Les ingénieurs considèrent généralement la biologie comme une limitation fixe à contourner, explique le bio-ingénieur Tyler Clites, qui a contribué au développement de la technique il y a plusieurs années alors qu'il était au MIT. « Mais si nous considérons le corps comme une partie du système à concevoir, en parallèle avec la machine, les deux pourront mieux interagir. »
Cette vision entraîne une vague de techniques qui réorganisent le corps pour mieux s’intégrer à la machine. Clites, maintenant à l'UCLA, appelle ces techniques « anatomiques », pour les distinguer de la bionique traditionnelle. « Le problème auquel nous nous attaquions n'était pas un problème d'ingénierie », dit-il. « La façon dont le corps avait été manipulé pendant l'amputation ne le laissait pas en mesure de contrôler les membres que nous créions. »
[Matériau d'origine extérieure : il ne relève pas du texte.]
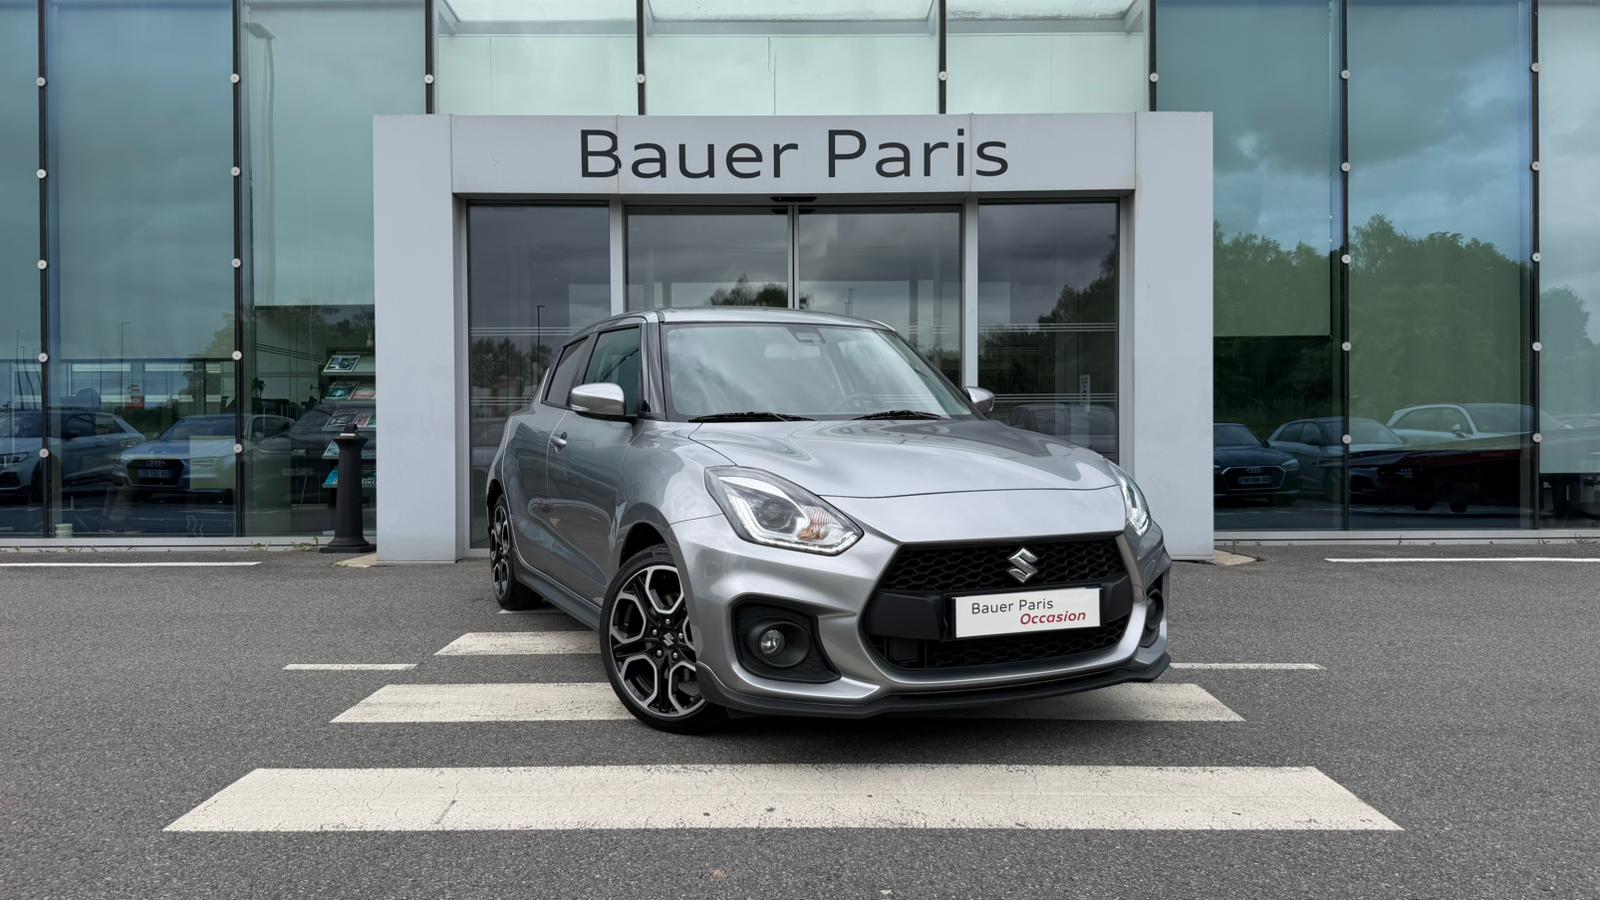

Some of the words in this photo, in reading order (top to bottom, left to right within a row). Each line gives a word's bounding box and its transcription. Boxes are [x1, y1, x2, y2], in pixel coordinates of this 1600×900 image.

Dans une approche anatomique, les os sont exploités pour fournir des ancrages stables ; les nerfs sont redirigés pour créer des signaux de contrôle pour les membres robotiques ou transmettre un retour sensoriel ; les muscles sont récupérés comme amplificateurs biologiques ou greffés pour fournir davantage de sources de signaux. Ces techniques améliorent toutes la connexion et la communication entre un membre robotique et le système nerveux humain, renforçant ainsi les capacités des prothèses bioniques (SN : 09/02/24).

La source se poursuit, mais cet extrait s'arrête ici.